Hey guys! Back with another review. Now this one is somewhat interesting because us landscape photographers normally do not use the ‘big’ zoom lenses a lot. Main reason for this is because they’re on the heavy side. We prefer to use the 70-200 or, in my case, the 70-300. I used the 70-300 a lot over the 70-200 in the past mainly because it gave me that extra bit of range to get those close up landscapes that I sometimes really love. But the game changed when Sony released the 100-400 GM lens. I initially was not planning on using this lens at all because the weight difference between the 70-300 is significant with 1400 grams for the 100-400 and 850 grams for the 70-300. That’s half a kilo difference. Well, a few months later I can say I am addicted to the 100-400 and I just have to deal with carrying that extra half of a kilo because wow! This lens is sharp! It is worth noting though, that this lens is lighter than the 70-200 f/2.8 that comes in at almost 1.5kg. When using the 70-300 I wasn’t a big fan of the long end at 300mm. The sharpness of this lens at the long end is alright, but not spectacular. Now, the sharpness of the 100-400 at 400mm is just amazing. I can’t get enough of shooting with this lens. I am using the lens for a couple of months now. Took it to Kyrgyzstan, Iceland and did a bunch of shots in my own country, the Netherlands. So with that intro, here’s my review.
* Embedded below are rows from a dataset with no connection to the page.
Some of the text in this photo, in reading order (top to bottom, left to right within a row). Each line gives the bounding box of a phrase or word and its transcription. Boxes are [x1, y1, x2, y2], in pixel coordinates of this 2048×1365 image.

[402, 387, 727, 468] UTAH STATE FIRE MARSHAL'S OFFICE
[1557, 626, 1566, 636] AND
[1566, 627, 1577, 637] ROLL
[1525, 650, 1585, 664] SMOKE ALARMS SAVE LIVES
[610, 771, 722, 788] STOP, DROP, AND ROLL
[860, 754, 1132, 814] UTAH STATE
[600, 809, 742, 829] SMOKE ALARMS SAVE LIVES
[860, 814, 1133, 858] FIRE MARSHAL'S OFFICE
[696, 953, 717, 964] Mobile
NOTE: To see all images in one gallery in a bigger size, scroll down to the bottom of this review.
Let’s quickly dive into the specs of this lens first. It has 22 lens elements in 16 groups and 9 aperture blades. The front element has a fluorine coasting that works against dust and water. The lens diameter is 77mm. Outside we can find a bunch of rings and switches: a butter smooth focus ring and a sturdier zoom ring. You can actually control how sturdy the zoom will be with an extra ring that moves from ‘tight’ to ‘smooth’. In the field I noticed that I always used the tightest setting here, and even then it was sometimes not tight enough. Not really that big of a deal, but It would be nice to make the zoom even tighter or add a lock switch to lock the zoom. There are 4 switches on the outside: the AF/MF switch, focus distance switch, The steady shot ON/OFF switch and the MODE switch in which you can control the steady shot function (mode 1 = general, mode 2 = panning. Then there are 3 focus hold buttons on the switch that you can also customise in the camera menu.
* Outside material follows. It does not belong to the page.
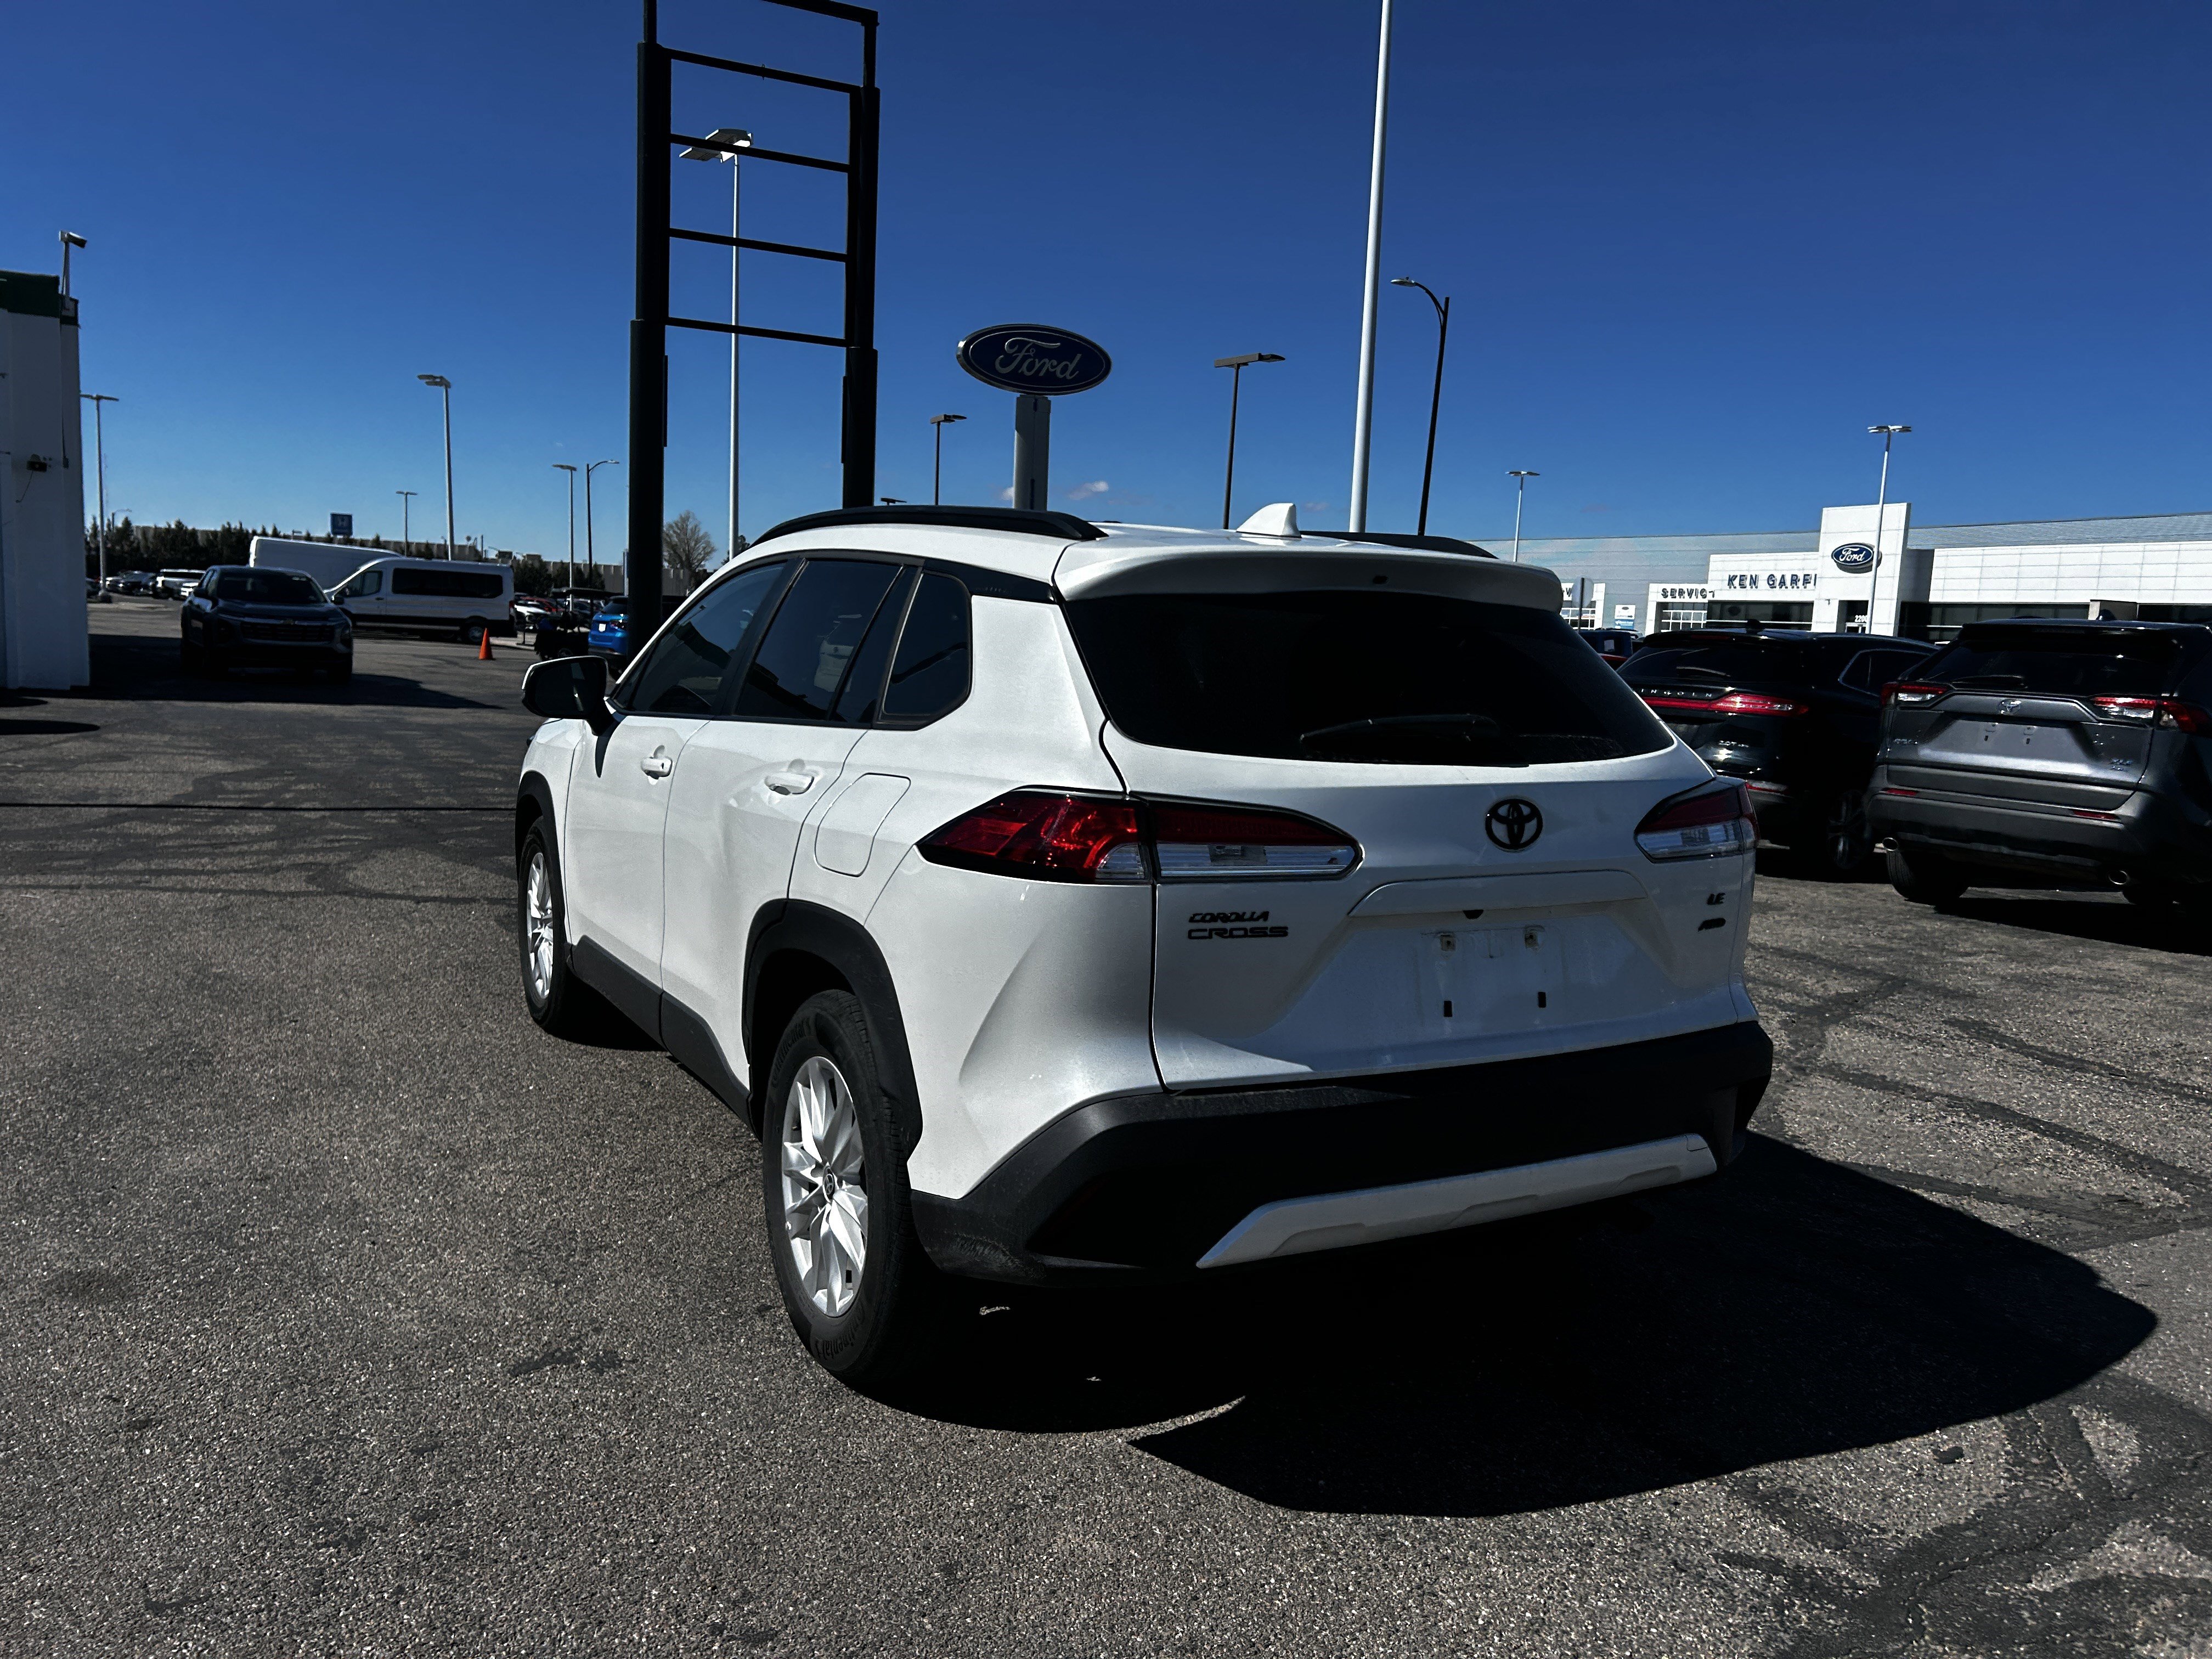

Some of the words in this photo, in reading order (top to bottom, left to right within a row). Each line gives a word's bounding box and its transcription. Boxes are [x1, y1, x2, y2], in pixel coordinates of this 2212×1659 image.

It has a Direct Drive SSM focus motor for fast and accurate autofocus. Although normally I don’t use that much AF in landscape photography, a good autofocus on a lens with this zoom range is definitely a must. And I have to say that after having used it for a couple of months, the autofocus never lets me down.
According to Sony this lens looks weather-sealed. I have used the lens in rainy conditions, around waterfalls and didn’t had any issues. I also used the lens a lot in extremely dusty conditions mainly in Kyrgyzstan. I shot a lot out of driving cars where dust was everywhere. Again, no issues so far with this lens.
Horses in a valley in Kyrgyzstan. Sony A7RIII, Sony 100-400 GM, 100mm, f/16, 1/50s, ISO 100, hand held)
I love to use telezoom lenses hand-held and the 100-400 is no exception. In the beginning it was a bit heavy with its 1400grams because I normally always use the 70-200 or 70-300. As mentioned, these are half a kilo lighter so the 100-400 took some time to get used to. Not much time though as after a few months of use it feels very comfortable and I can hold it very steady. Shooting at 400mm hand held is no problem. The steady shot does a nice job here. If you don’t want to use the lens hand held there’s a little tripod stance that you can attach to the lens. It works nice and fast and I usually have it detached, although it’s always in my bag for if I would need it.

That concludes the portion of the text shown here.